Figure 3.

Solution structure of the p53 TAD:NCBD complex. (a) The best 20 structures superposed on backbone heavy atoms in ordered regions. The p53 TAD backbone is shown in green, NCBD in blue, and the N and C termini of each chain are labeled in the corresponding colors. (b) Ribbon representation, in the same orientation and color as (a) Helices Pα1–2 and Cα1–3, and N and C termini are labeled. (c) Surface representation of NCBD domain in complex with p53 TAD. The left and right figures are rotated 180° relative to one another about a vertical axis. Hydrophobic residues (Ala, Met, Leu, Ile, Val, Phe, and Tyr) are colored yellow; positively charged (Arg and Lys) and negatively charged (Asp) residues are colored blue and red, respectively.
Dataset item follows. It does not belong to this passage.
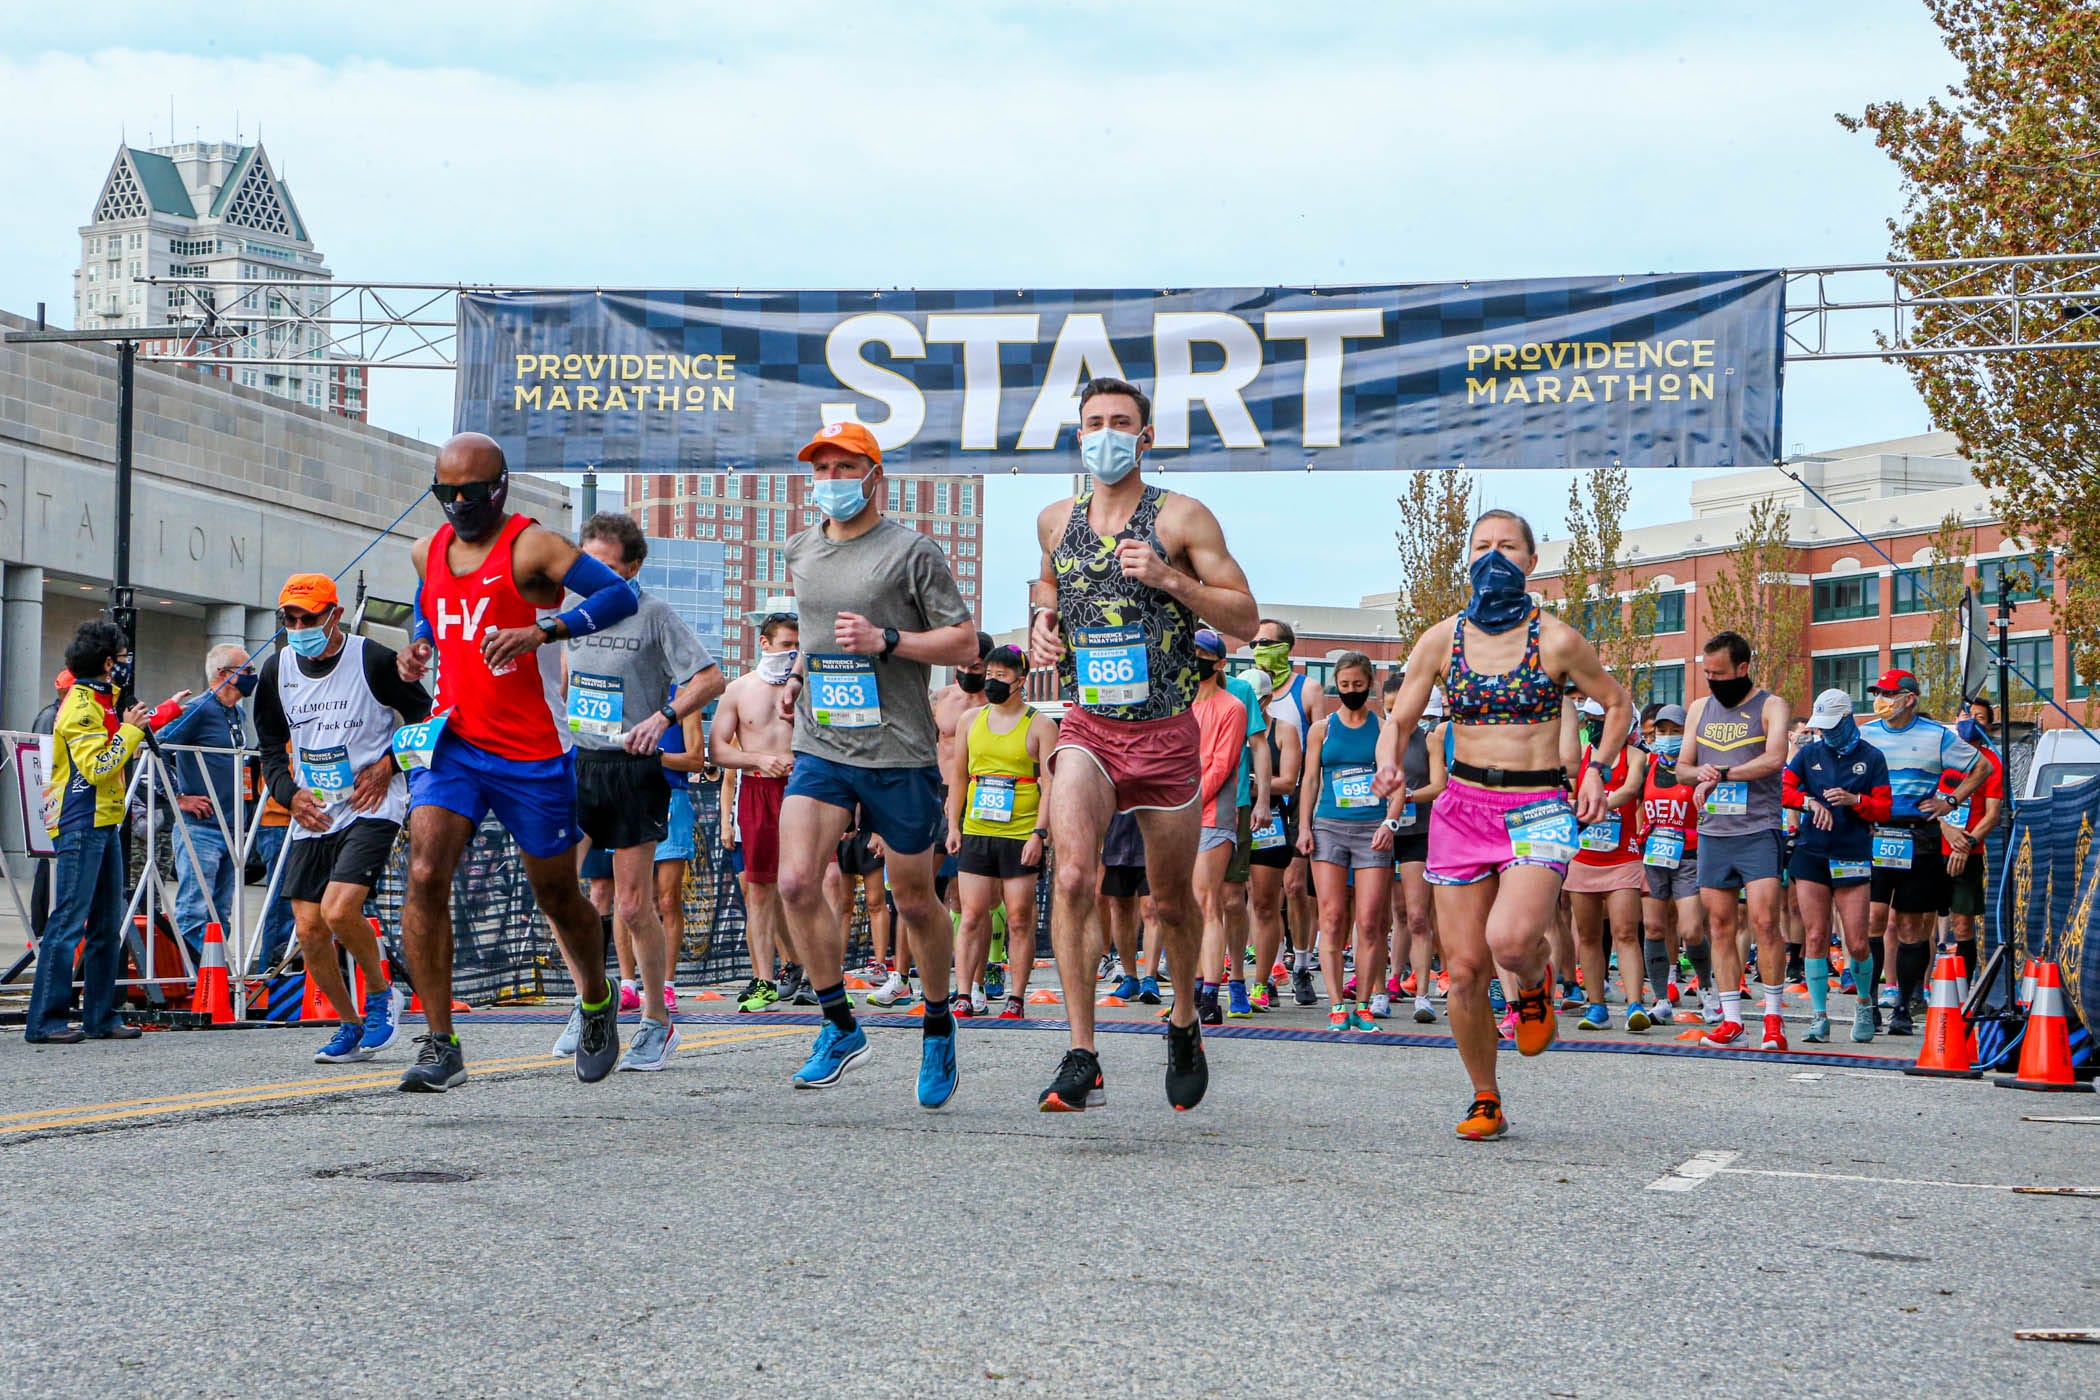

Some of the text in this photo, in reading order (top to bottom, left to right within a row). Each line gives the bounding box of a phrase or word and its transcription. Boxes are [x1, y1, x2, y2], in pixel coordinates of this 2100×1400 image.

The other residues are colored white. (d) and (e) Binding site for Pα1 and Pα2 and extended region of p53 TAD (green tube) in the hydrophobic grooves on the surface of NCBD. The surfaces of interacting hydrophobic side chains from NCBD are labeled in black italic characters. The side chains of basic and acidic residues of p53 TAD are shown in blue and red, respectively. The side chains of hydrophobic residues of p53 TAD are shown in cyan and labeled. The side chains of other residues are colored white.